::: Raw data
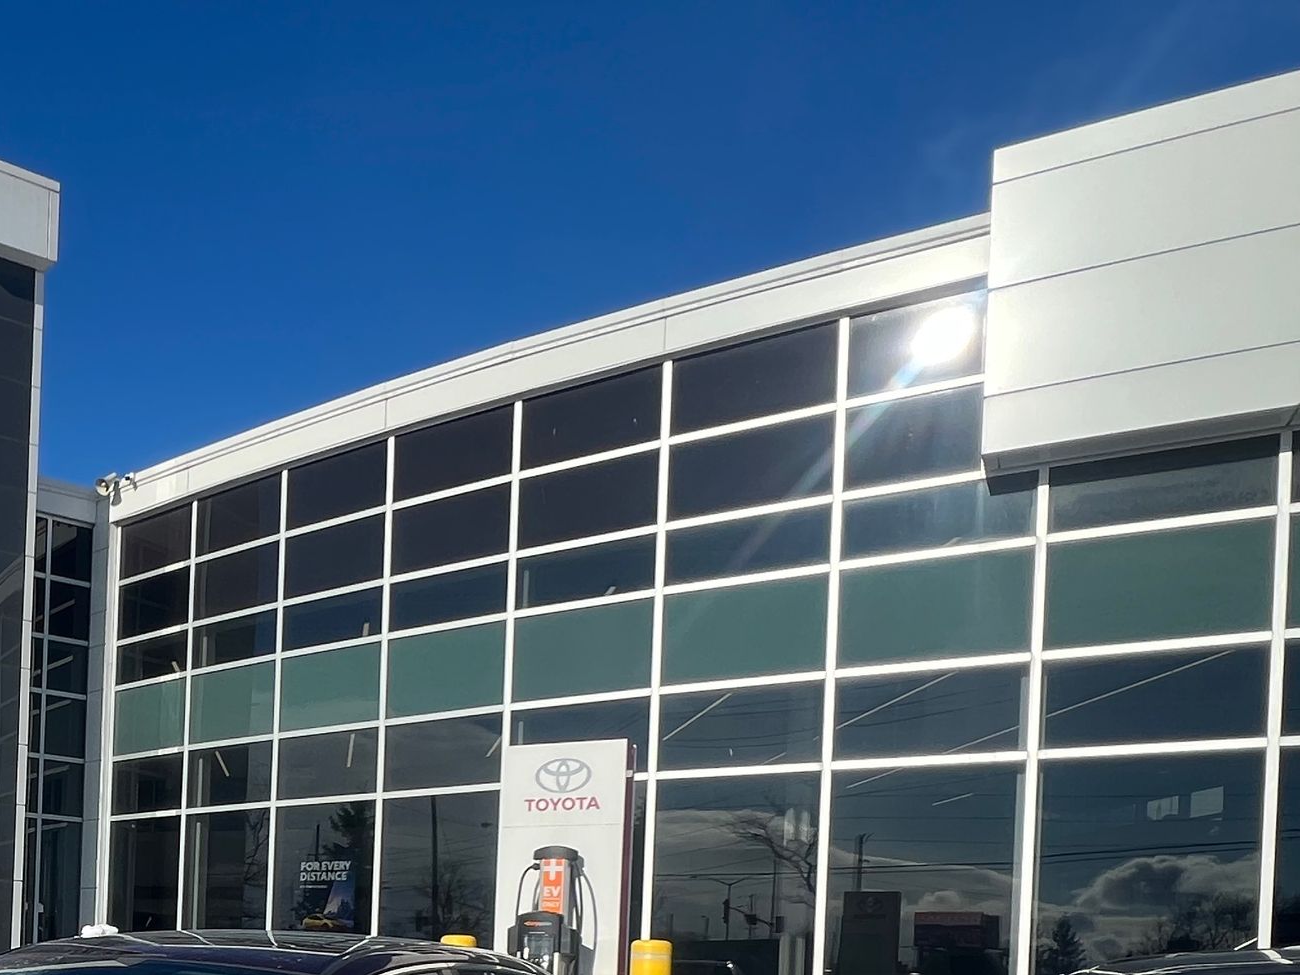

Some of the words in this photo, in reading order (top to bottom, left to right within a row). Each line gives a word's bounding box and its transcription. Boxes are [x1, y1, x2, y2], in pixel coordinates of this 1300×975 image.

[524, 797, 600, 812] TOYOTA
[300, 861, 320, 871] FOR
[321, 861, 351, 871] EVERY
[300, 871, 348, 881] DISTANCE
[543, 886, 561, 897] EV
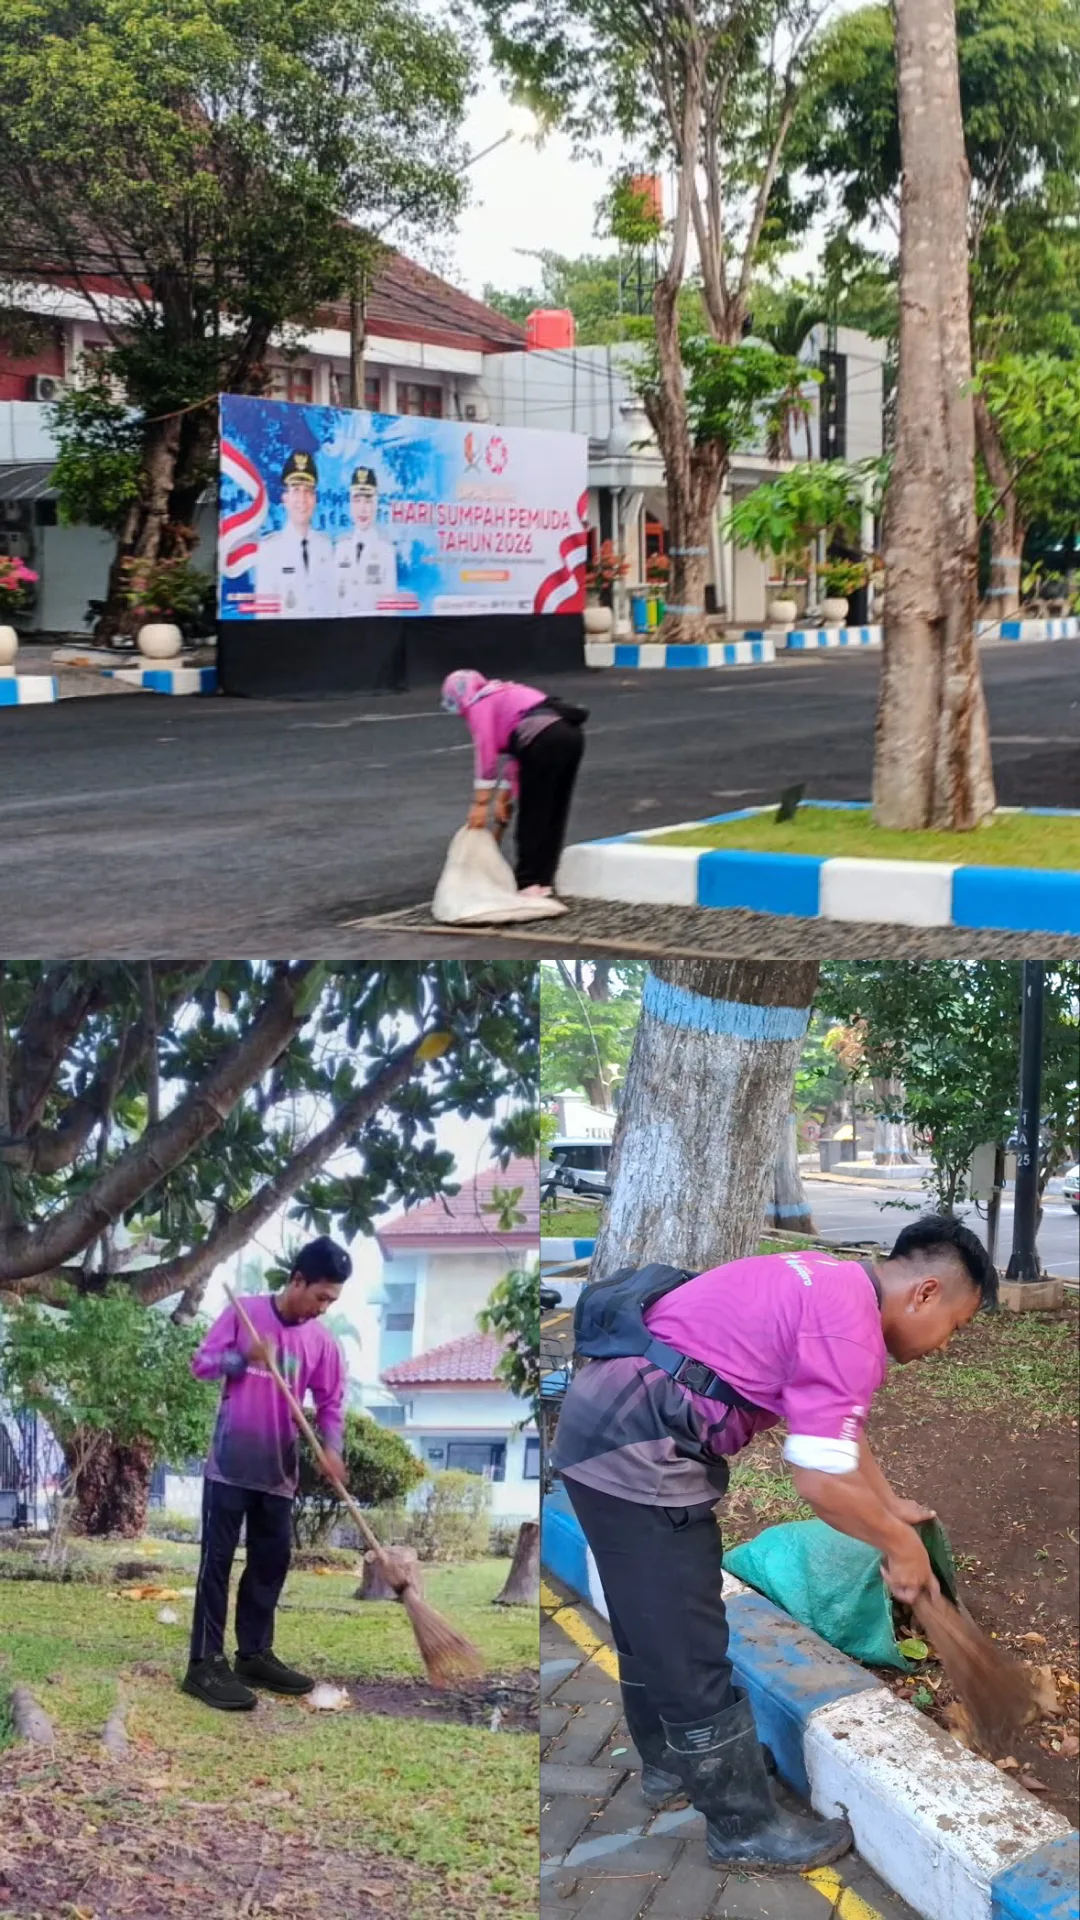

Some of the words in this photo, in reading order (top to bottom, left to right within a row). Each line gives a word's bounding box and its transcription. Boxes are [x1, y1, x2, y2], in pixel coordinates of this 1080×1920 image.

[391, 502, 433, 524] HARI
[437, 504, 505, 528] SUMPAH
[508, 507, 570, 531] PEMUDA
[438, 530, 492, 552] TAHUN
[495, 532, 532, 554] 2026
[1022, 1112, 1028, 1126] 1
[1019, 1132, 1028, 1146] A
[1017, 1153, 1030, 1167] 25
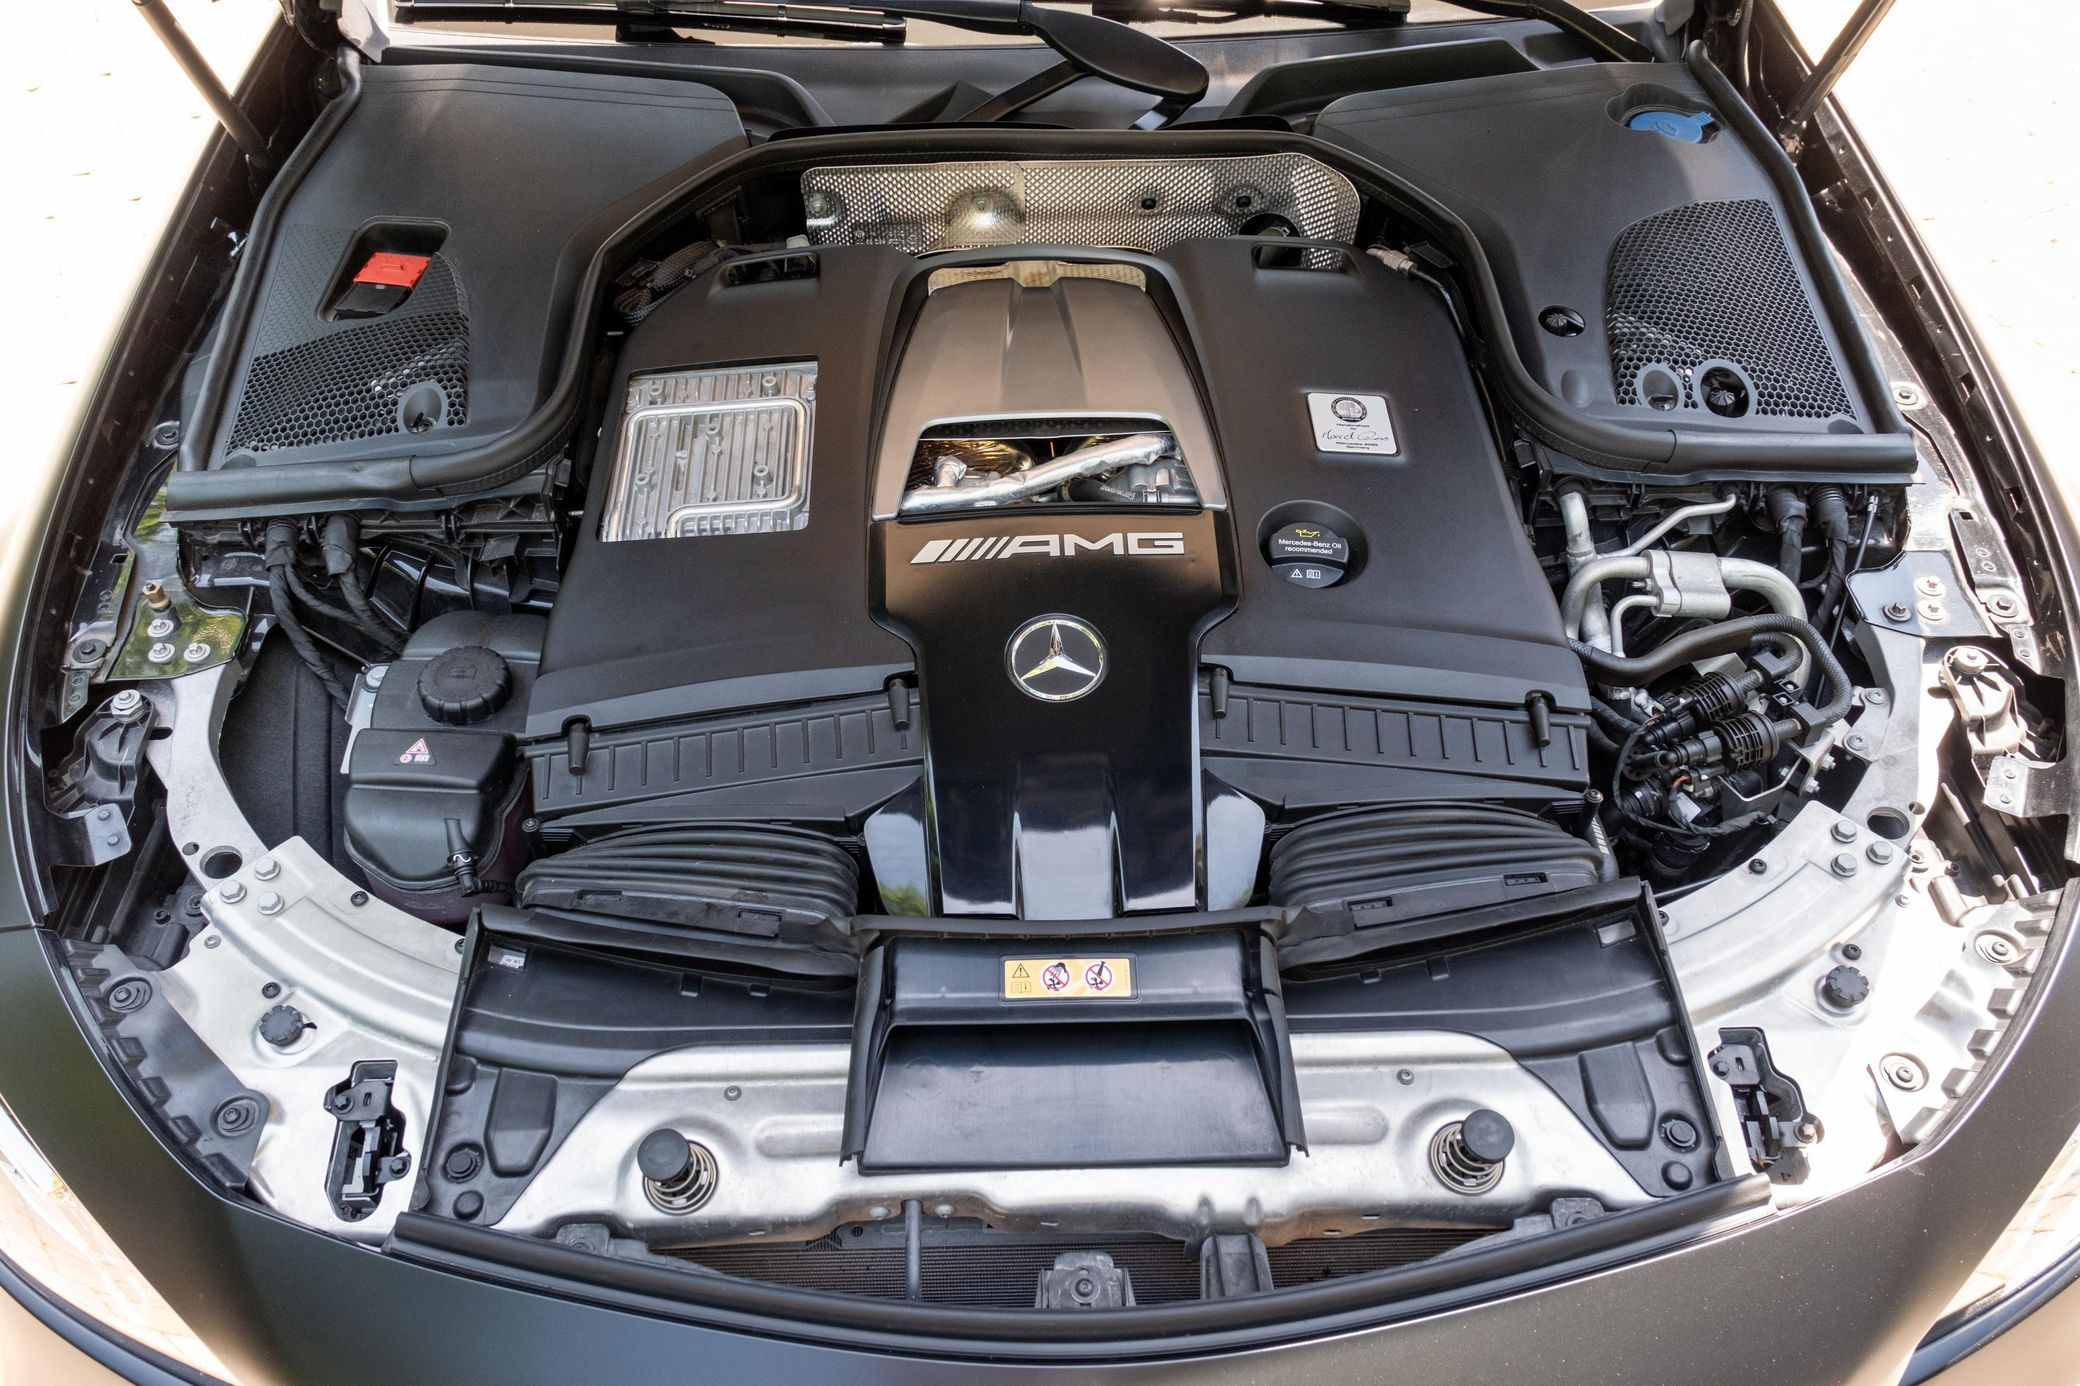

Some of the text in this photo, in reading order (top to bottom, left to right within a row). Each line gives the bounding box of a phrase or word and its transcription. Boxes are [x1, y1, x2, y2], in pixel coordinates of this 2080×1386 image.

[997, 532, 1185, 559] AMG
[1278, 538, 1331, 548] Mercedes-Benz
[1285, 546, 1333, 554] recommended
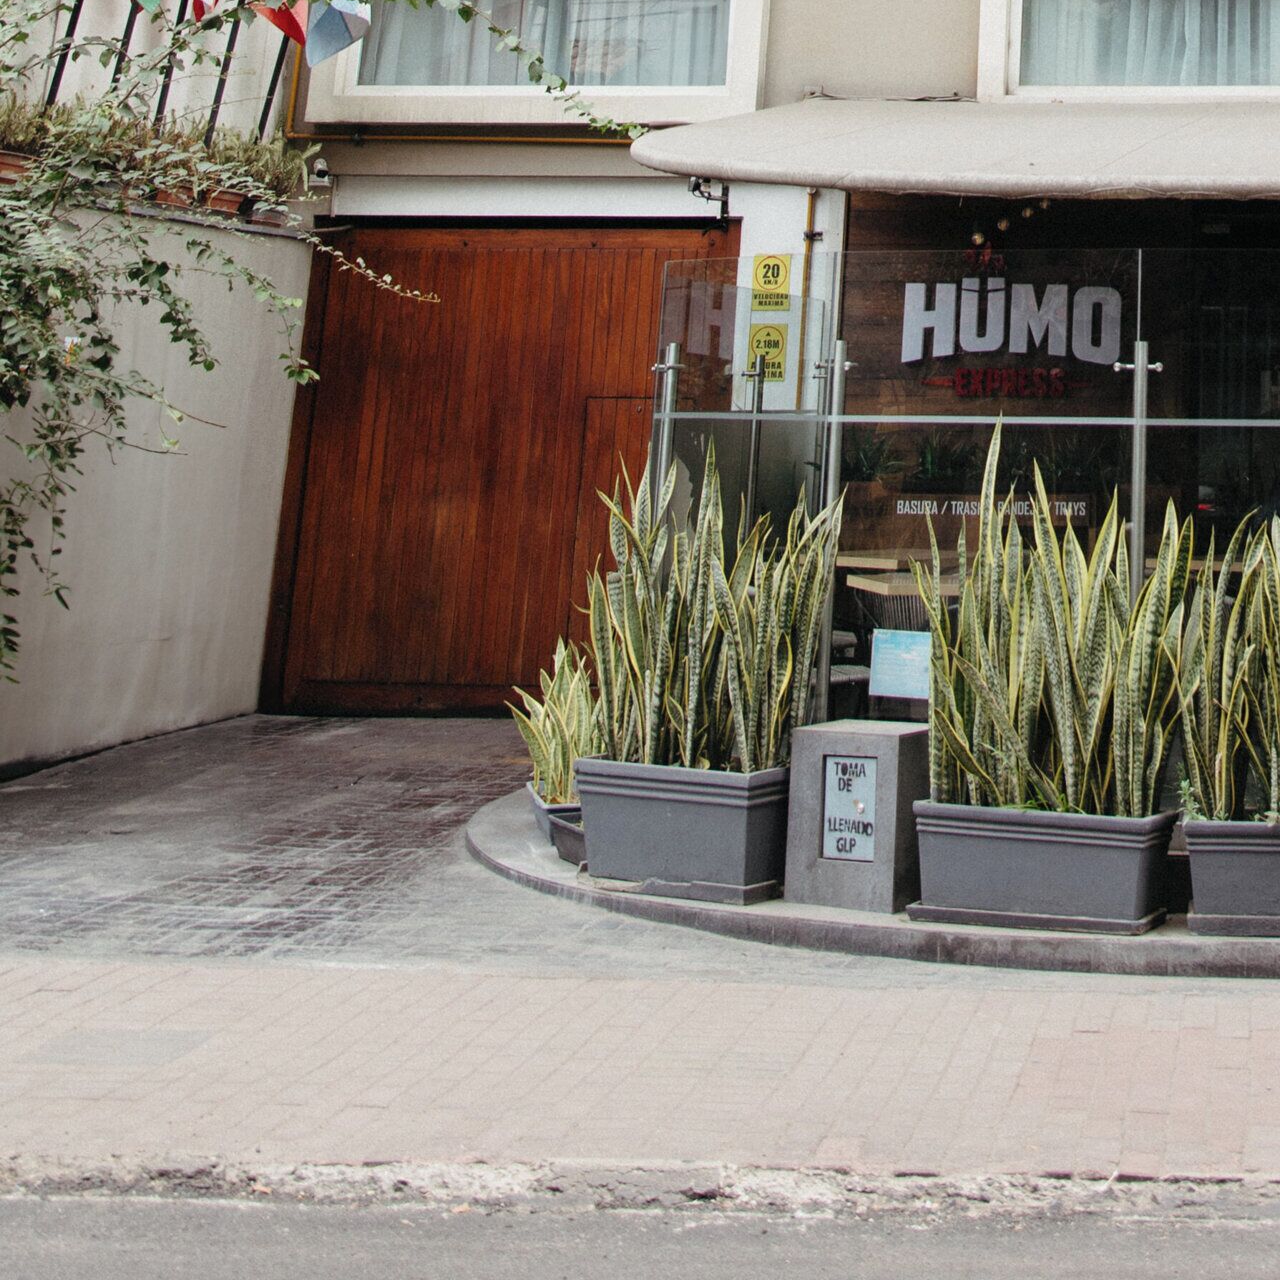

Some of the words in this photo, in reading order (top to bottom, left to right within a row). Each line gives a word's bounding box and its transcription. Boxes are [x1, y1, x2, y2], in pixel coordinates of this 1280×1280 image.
::::::
-- Your instructions --
Write out the material above exactly. Skip the pictures.

-- Answer area --
Some of the words in this photo, in reading order (top to bottom, left to right within a row). Each line gives a word's bounding box and its transcription. Boxes are [x1, y1, x2, y2], in pixel coordinates of this 1300×975 image.

[524, 797, 600, 812] TOYOTA
[300, 861, 320, 871] FOR
[321, 861, 351, 871] EVERY
[300, 871, 348, 881] DISTANCE
[543, 886, 561, 897] EV

Some of the words in this photo, in reading order (top to bottom, left to right within a row). Each line gives a word's bounding box and its transcription. Boxes are [x1, y1, x2, y2], in pixel coordinates of this 1080×1920 image.

[391, 502, 433, 524] HARI
[437, 504, 505, 528] SUMPAH
[508, 507, 570, 531] PEMUDA
[438, 530, 492, 552] TAHUN
[495, 532, 532, 554] 2026
[1022, 1112, 1028, 1126] 1
[1019, 1132, 1028, 1146] A
[1017, 1153, 1030, 1167] 25

Some of the text in this photo, in reading order (top to bottom, left to right within a row). Each line gives the bounding box of a phrase or word and its transcription. Boxes are [x1, y1, x2, y2], in pixel coordinates of this 2080×1386 image.

[997, 532, 1185, 559] AMG
[1278, 538, 1331, 548] Mercedes-Benz
[1285, 546, 1333, 554] recommended

Some of the words in this photo, in reading order (top to bottom, left to right within a row). Each line gives a word's bounding box and its transcription. Boxes are [x1, y1, x2, y2], in pixel coordinates of this 1280×1280 image.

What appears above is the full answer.